Допиливая с напарницей ту же берёзу, я чувствовал необыкновенное умиротворение, точно сама благодать Господняя сошла на меня. Заготавливать в лесу дрова, скажу вам, это не грибы и ягоды собирать. То и другое замечательно, но первое – выше. Когда пилишь, больше чувствуешь свою человеческую значимость и сознаёшь весомость работы, а знакомый участок леса воспринимаешь не как место привычного отдыха, а как делянку, отведённую тебе под заготовку дров. Но, поглядывая на жену, я старался работать не спеша. Сегодня она меньше тратила сил, но чурбаков мы напилили не больше, чем в прошлый раз. Полный воз тяжело везти, и много дров нам не требовалось. Летом печь в избе мы топили от случая к случаю – лишь когда сушили в ней грибы.

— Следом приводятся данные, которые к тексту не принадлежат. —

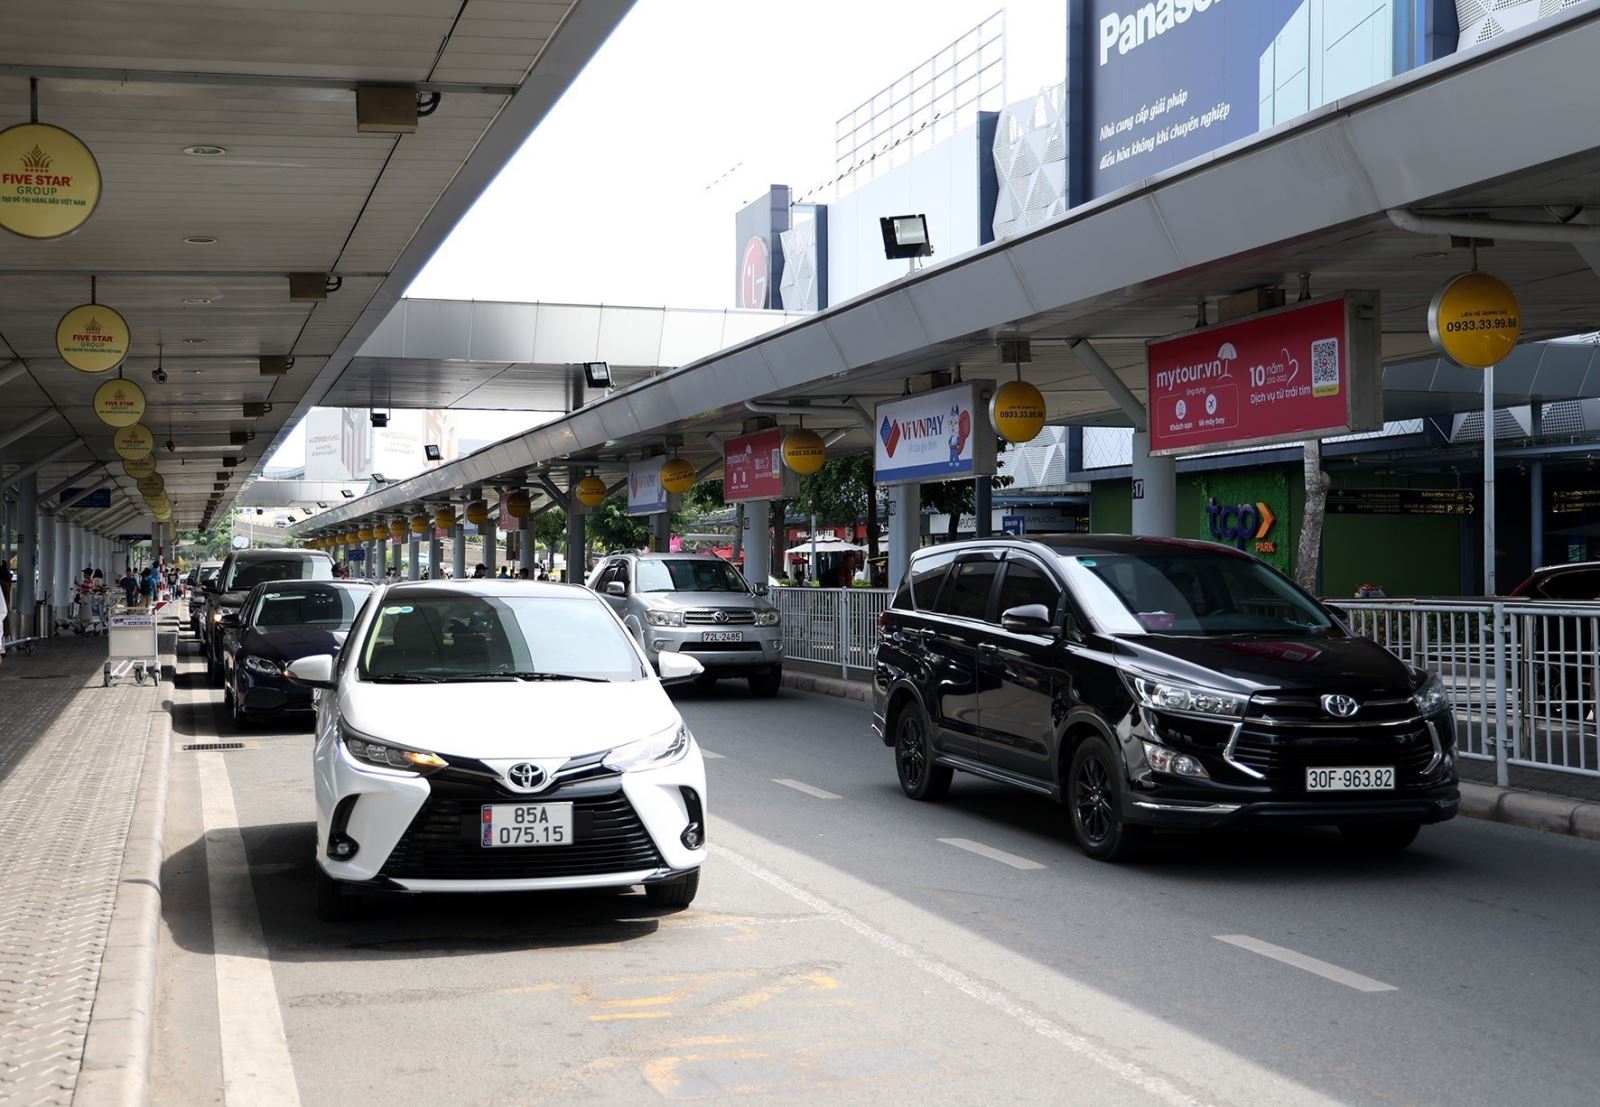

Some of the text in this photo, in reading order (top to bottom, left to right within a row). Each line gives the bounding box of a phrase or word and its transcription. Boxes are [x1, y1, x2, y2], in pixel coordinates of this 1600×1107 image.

[1100, 0, 1222, 66] Panas
[1100, 89, 1188, 141] Nhà cung cấp giải pháp
[1116, 146, 1130, 163] hòa
[1131, 138, 1155, 156] không
[1156, 127, 1169, 146] khí
[1170, 116, 1199, 139] chuyên
[1200, 102, 1230, 128] nghiệp
[3, 174, 71, 187] FIVE STAR
[16, 186, 57, 196] GROUP
[92, 335, 113, 343] STAR
[1156, 359, 1222, 392] mytour.vn
[1249, 362, 1284, 388] 10 năm
[1250, 393, 1266, 406] Dịch
[1266, 392, 1276, 403] vụ
[1285, 385, 1298, 398] trái
[912, 415, 945, 439] VNPAY
[1215, 416, 1226, 425] bay
[1208, 497, 1256, 550] tcp
[1256, 543, 1273, 552] PARK
[1309, 769, 1392, 788] 30F-963.82
[514, 806, 549, 824] 85A
[500, 825, 564, 844] 075.15

– Вот теперь ты, по-моему, отвела душу, – сказал я. – Напилилась досыта.
– Ничуть не напилилась, – ответила жена. – И в голову не бери, что я напилилась.
– Неужели не надоело? Или просто не хочешь сознаться?

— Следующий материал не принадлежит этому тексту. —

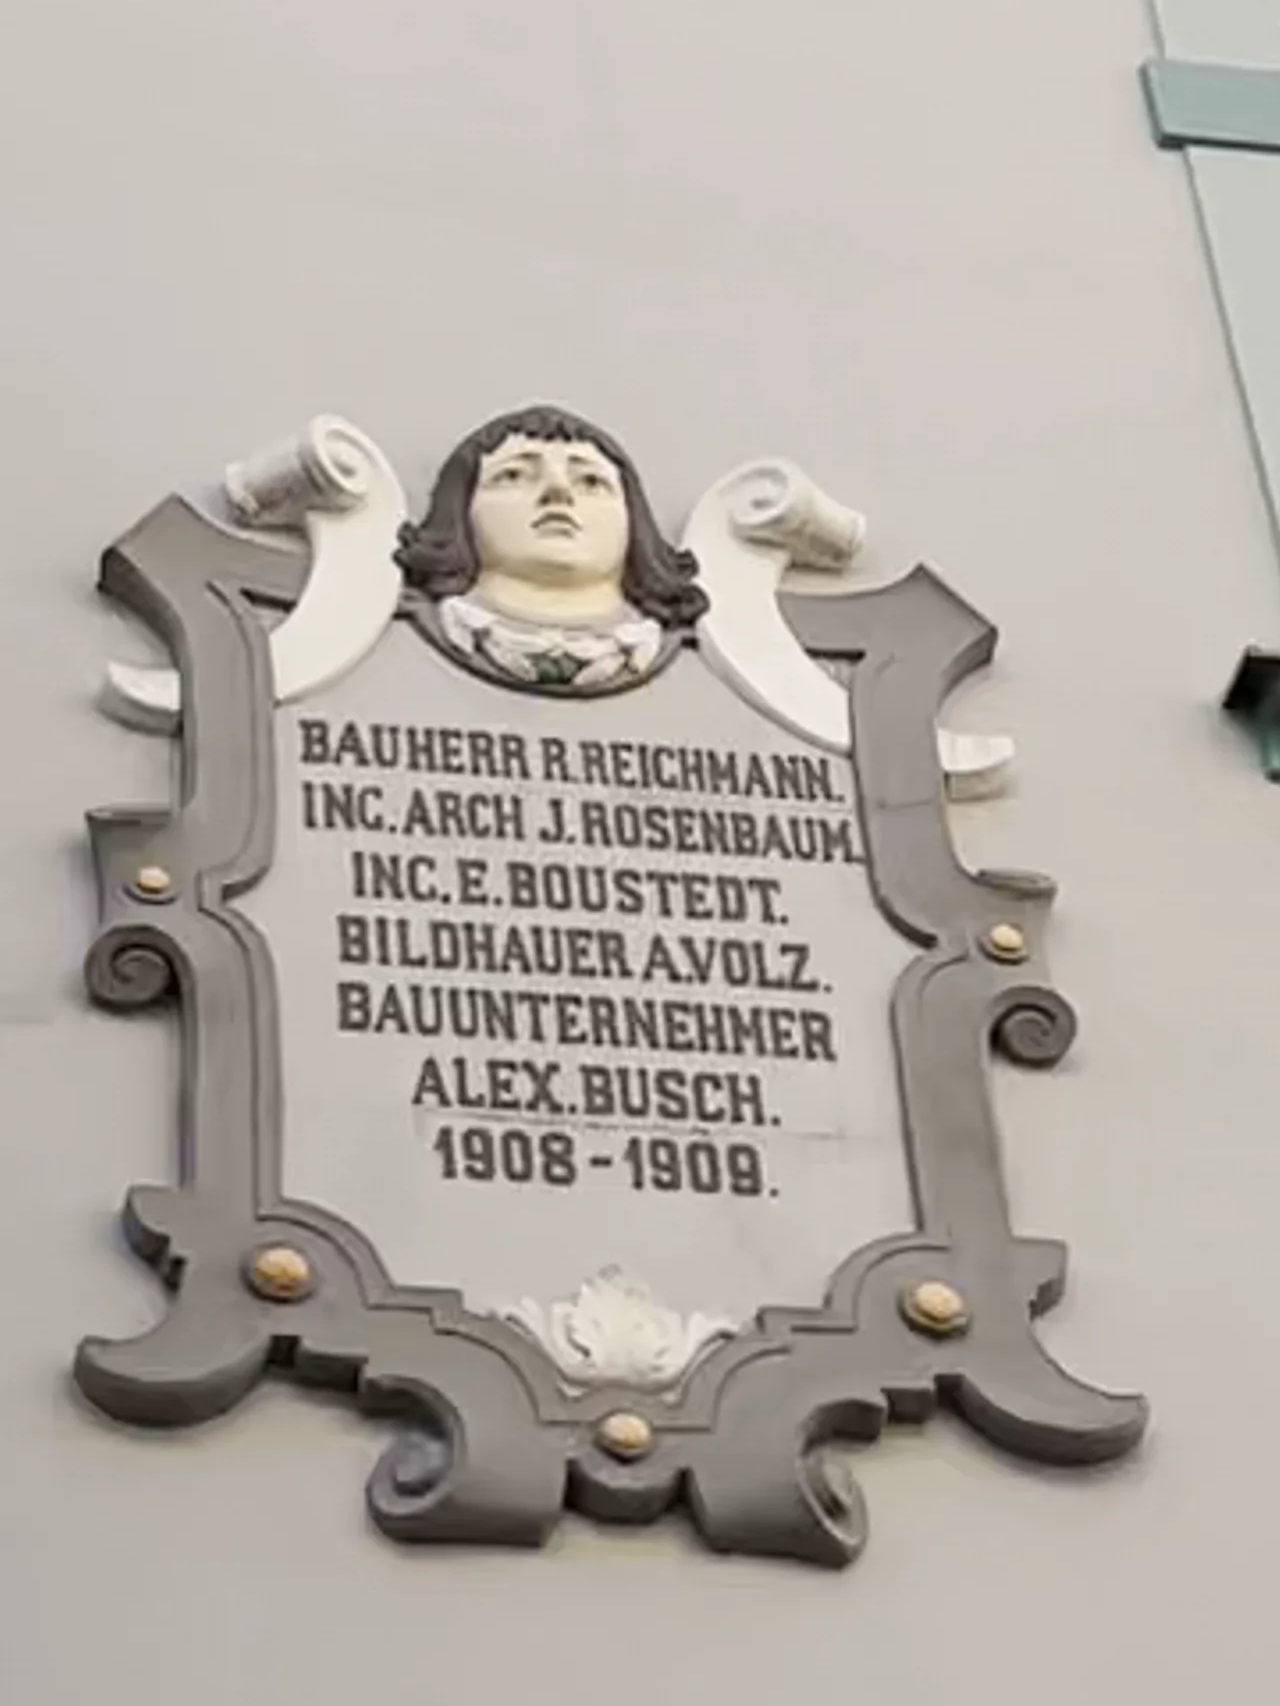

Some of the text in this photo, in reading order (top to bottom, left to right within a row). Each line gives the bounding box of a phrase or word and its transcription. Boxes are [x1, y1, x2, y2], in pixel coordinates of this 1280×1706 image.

– Нисколько не надоело. Наоборот, всё больше нравится.
– Мне тоже, – сказал я.
Нагрузив тележку, мы пошли искать ягоды и грибы. Всё, что составляло лес, выглядело бесподобно, завораживало и разыгрывало воображение, и я сказал жене, а она со мной согласилась, охая и ахая от детского изумления, что этот берёзовый пень смахивает на забинтованную голову, у которой из-под повязки видны нос, глаза и темя, а большая стройная ель похожа на шатровую церковь с коротким крестом. Потом мы молча кружили вокруг пней, деревьев, кочек; и мне приходило на ум, что, если о чём-то стоит жалеть к концу жизни, то, конечно, не о том, что не скопил богатства. Жалеть можно о том, думал я, что за делами и ленью не нашёл времени слиться с природой и быть истинно счастливым. А богатство, говорила моя тёща, поверх гроба не положишь.

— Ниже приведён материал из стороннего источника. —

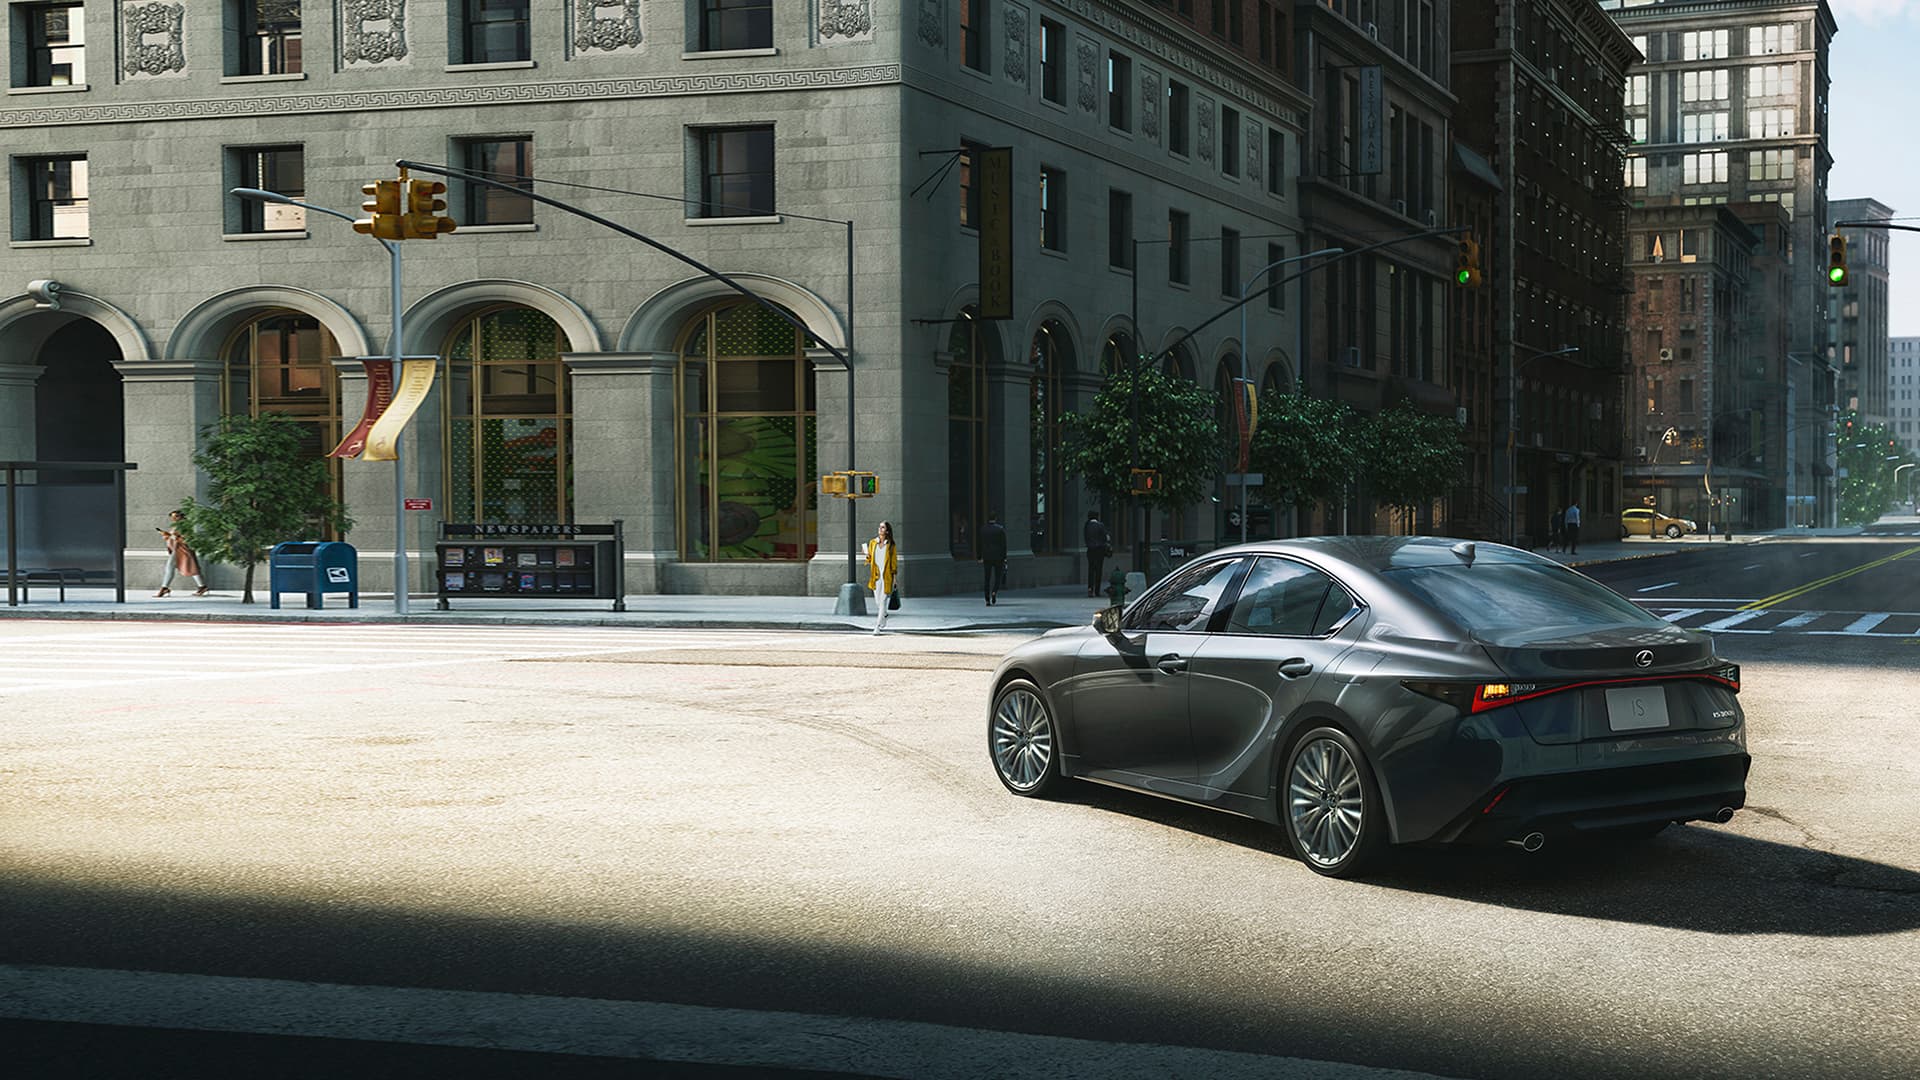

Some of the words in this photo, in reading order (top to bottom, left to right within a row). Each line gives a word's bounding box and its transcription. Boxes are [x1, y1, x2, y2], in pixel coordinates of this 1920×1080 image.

[1367, 70, 1377, 169] RESTAURANT
[990, 156, 1001, 231] MUSIC
[990, 247, 1001, 307] BOOK
[474, 525, 582, 534] NEWSPAPERS
[1631, 698, 1646, 717] IS

Ягод росло немало: липкой переспевающей земляники и мелкой, суховатой от жары черники, рассыпанной по ветвистым кустикам. Но из грибов попадались только сыроежки, и те в большинстве ветхие. Нам встретился одинокий грибник, в кепке, сапогах и очках, и, показав нутро своей почти пустой корзины, категорически заявил:
– Нужны дожди, дожди и дожди! Надо, чтобы хорошенько промочило здешнюю песчаную почву, тогда и гриб, как бешеный, пойдёт расти!
– Да, необходимы дожди, – поддакнул я и поздоровался с ним рукопожатием. Этого муромского пенсионера, жившего летом в нашей деревне, мы знали в лицо.
– А что вы с одной корзиной и одной банкой по лесу ходите? – спросил он, кивнув на наши занятые руки: жена держала банку, а я корзину.
– Да не хватило каждому по банке и корзине, – пошутил я. – Но если серьёзно, то мы отправились в лес по дрова.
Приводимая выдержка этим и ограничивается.